What Follows Benford's Law?

Follows: Populations, financial transactions, street addresses, river lengths, powers of 2, Fibonacci numbers, stock prices, earthquake magnitudes, file sizes on your computer.

Doesn't follow: Numbers assigned by humans (phone numbers, zip codes, ID numbers), numbers from a narrow range (test scores 0-100), truly uniform random numbers.

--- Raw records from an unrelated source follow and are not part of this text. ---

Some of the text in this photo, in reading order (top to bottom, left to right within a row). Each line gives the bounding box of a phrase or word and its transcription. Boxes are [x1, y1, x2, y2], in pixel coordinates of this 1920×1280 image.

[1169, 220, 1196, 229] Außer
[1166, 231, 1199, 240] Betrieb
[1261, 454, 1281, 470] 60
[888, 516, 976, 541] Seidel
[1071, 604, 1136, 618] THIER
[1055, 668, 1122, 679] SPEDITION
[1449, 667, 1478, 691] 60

The key pattern: Benford's Law applies to data that spans many orders of magnitude (ones, tens, hundreds, thousands, etc.) and grows naturally.

Part 6

Catching a Liar

Here's where it gets exciting. When people make up numbers — to fake financial records, cheat on taxes, or fabricate research — they usually pick digits roughly equally. They don't know about Benford's Law. And that's how they get caught.

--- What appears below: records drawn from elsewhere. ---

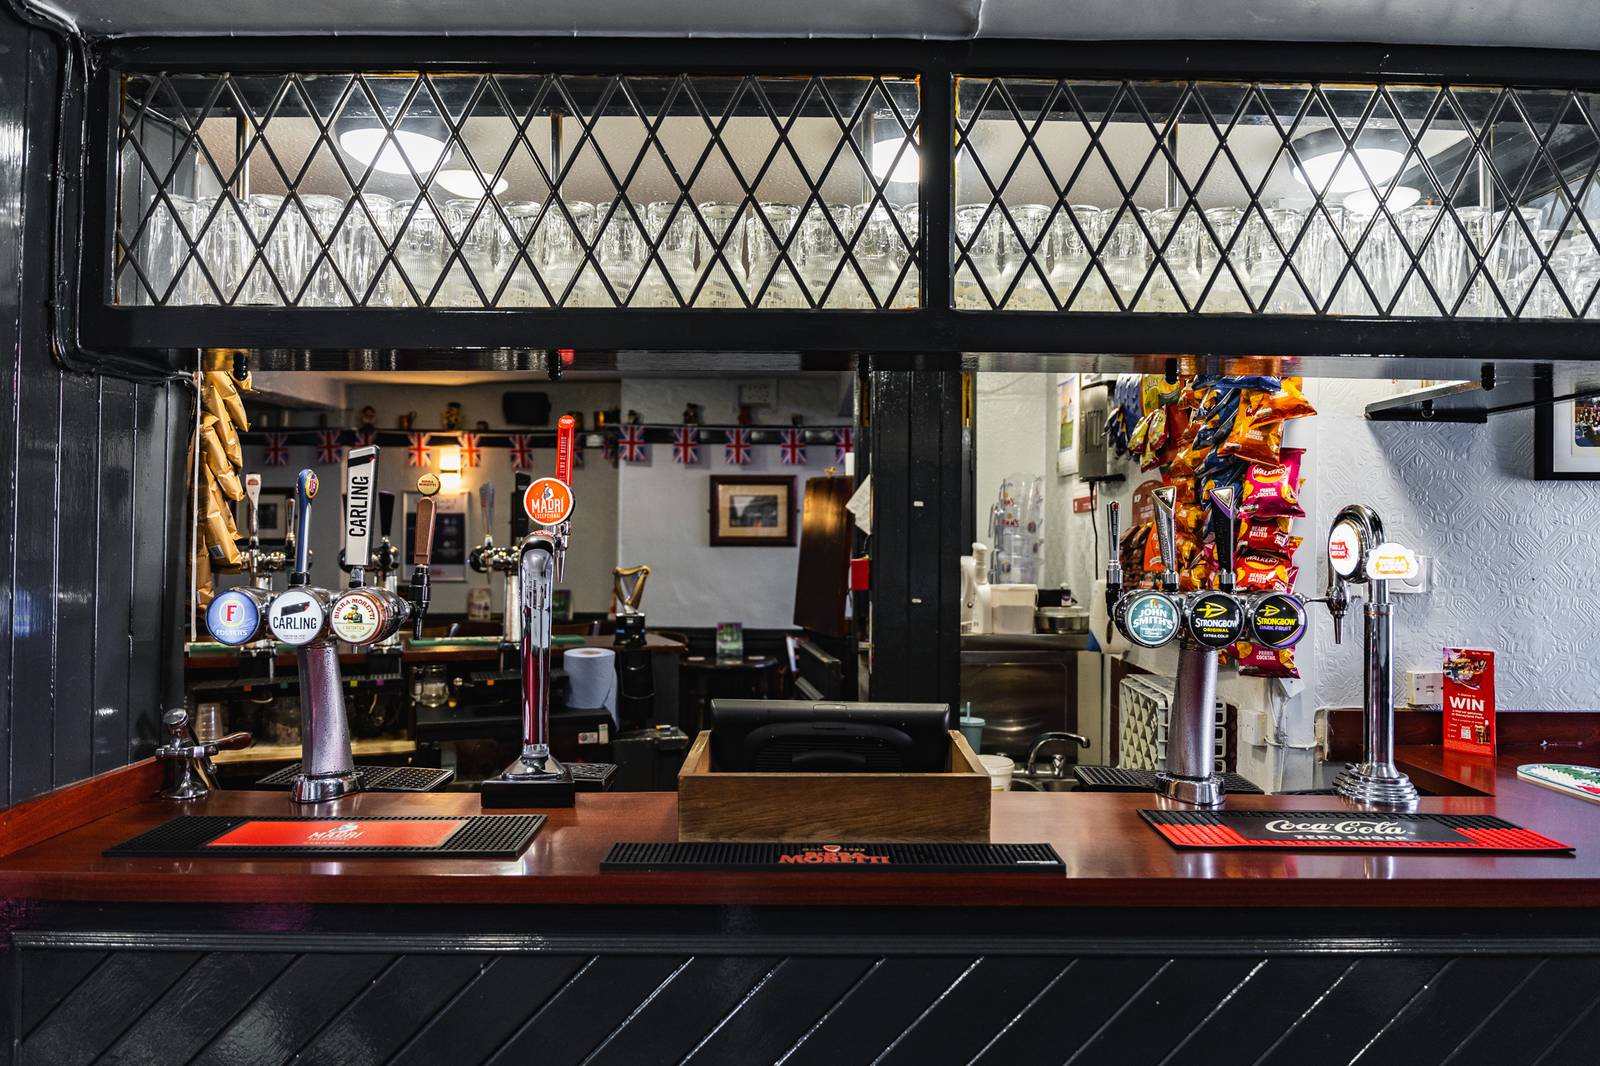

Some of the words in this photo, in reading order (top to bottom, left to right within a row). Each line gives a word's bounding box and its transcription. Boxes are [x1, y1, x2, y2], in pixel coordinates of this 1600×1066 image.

[1254, 468, 1286, 476] WALKERS
[349, 476, 369, 537] CARLING
[1249, 530, 1268, 538] SALTED
[226, 605, 237, 622] F
[334, 599, 351, 619] BIRRA
[351, 598, 375, 620] MORETTI
[1138, 608, 1168, 618] JOHN
[272, 616, 317, 630] CARLING
[1195, 617, 1239, 628] STRONGBOW
[1257, 616, 1297, 626] STRONGBOW
[1449, 696, 1485, 712] WIN
[1264, 819, 1407, 835] Coca-Cola
[779, 854, 890, 864] MORETTI

Let's simulate this. We'll create "real" data and "fake" data, then see if our detector can tell the difference:

import random

def get_first_digit(n):
    return int(str(abs(n))[0])

def benford_score(numbers):
    """Return how well data matches Benford's Law (lower = better match)."""
    benford = {1: 30.1, 2: 17.6, 3: 12.5, 4: 9.7, 5: 7.9,
               6: 6.7, 7: 5.8, 8: 5.1, 9: 4.6}
    counts = {d: 0 for d in range(1, 10)}
    for n in numbers:
        if n == 0: continue
        counts[get_first_digit(n)] = counts[get_first_digit(n)] + 1
    total = sum(counts.values())
    deviation = 0
    for d in range(1, 10):
        observed = counts[d] / total * 100 if total > 0 else 0
        deviation = deviation + abs(observed - benford[d])
    return deviation

# REAL company expenses (follows Benford's — natural growth)
real_expenses = []
for i in range(300):
    # Real expenses span many magnitudes
    magnitude = random.choice([10, 100, 1000, 10000])
    expense = random.randint(1, 9) * magnitude + random.randint(0, magnitude - 1)
    real_expenses.append(expense)

# FAKE expenses (someone made them up — too uniform)
fake_expenses = []
for i in range(300):
    # Faker picks "realistic looking" numbers but distributes digits evenly
    fake_expenses.append(random.randint(100, 9999))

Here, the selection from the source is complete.